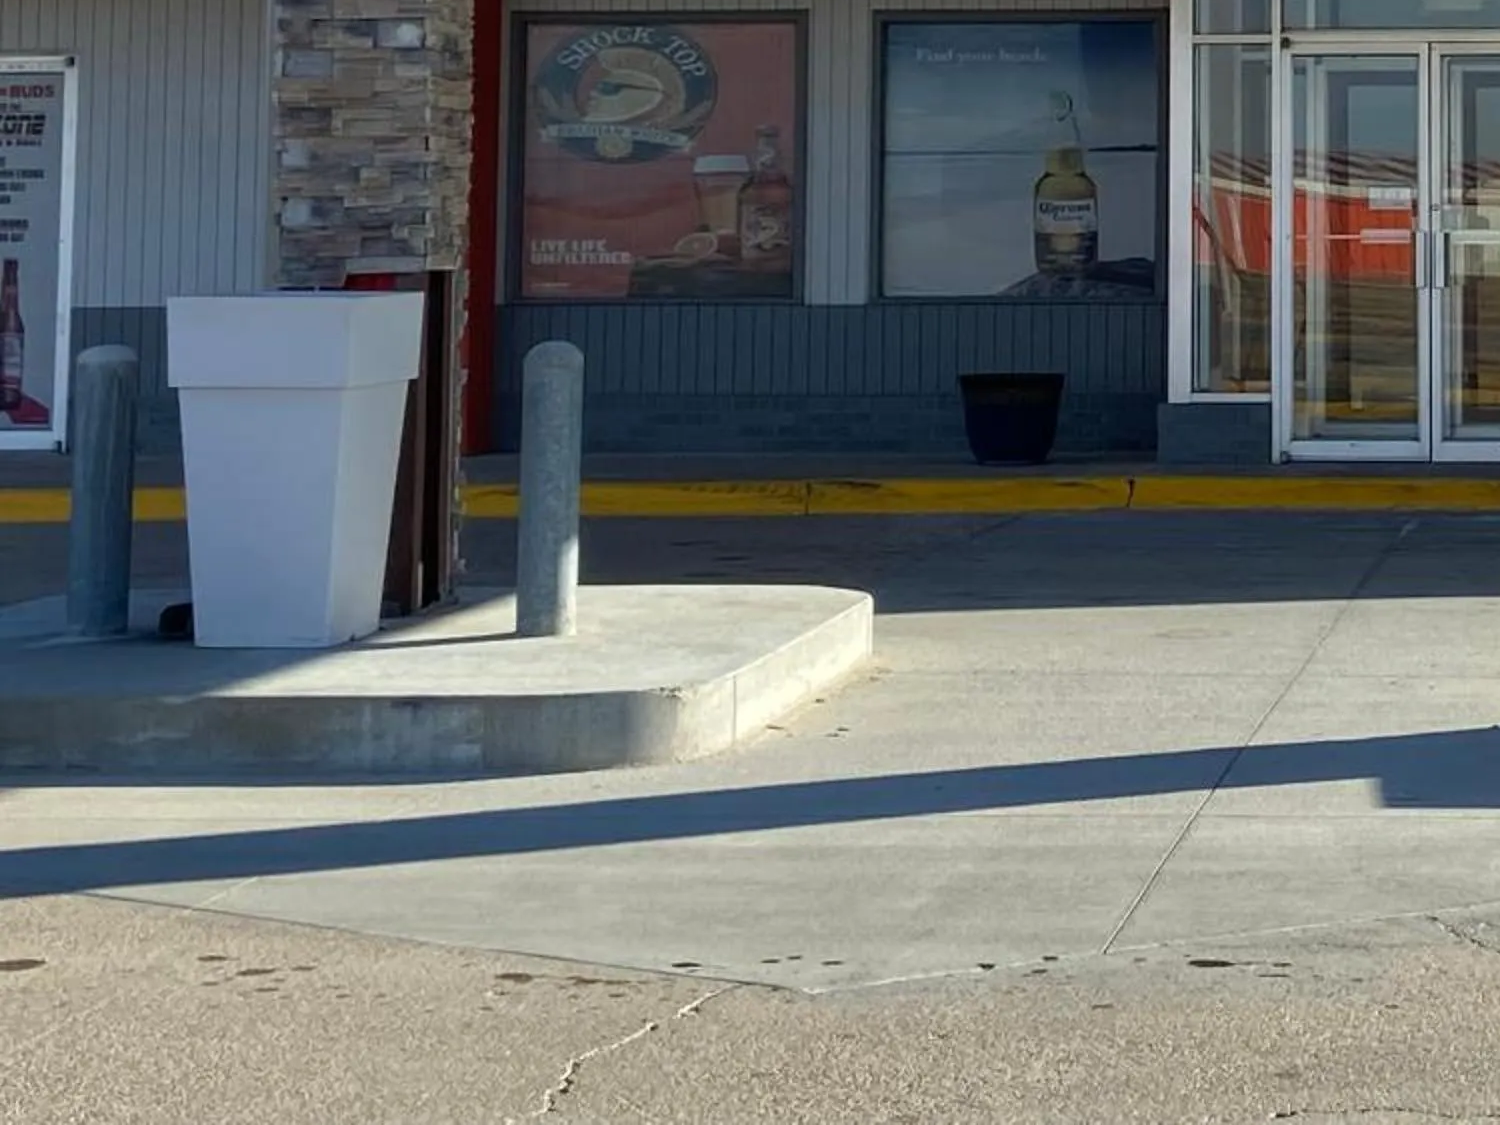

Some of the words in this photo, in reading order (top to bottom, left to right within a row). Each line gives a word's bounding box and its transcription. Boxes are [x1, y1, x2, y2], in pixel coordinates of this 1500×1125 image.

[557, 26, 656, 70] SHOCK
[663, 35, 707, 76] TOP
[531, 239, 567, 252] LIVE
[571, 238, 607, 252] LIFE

---

| Problem to work on |
Only the text of the records belongs in the answer; reproduce it verbatim, with no pictures.

| Result |
Some of the words in this photo, in reading order (top to bottom, left to right within a row). Each line gives a word's bounding box and its transcription. Boxes are [x1, y1, x2, y2], in pixel coordinates of this 1500×1125 image.

[557, 26, 656, 70] SHOCK
[663, 35, 707, 76] TOP
[531, 239, 567, 252] LIVE
[571, 238, 607, 252] LIFE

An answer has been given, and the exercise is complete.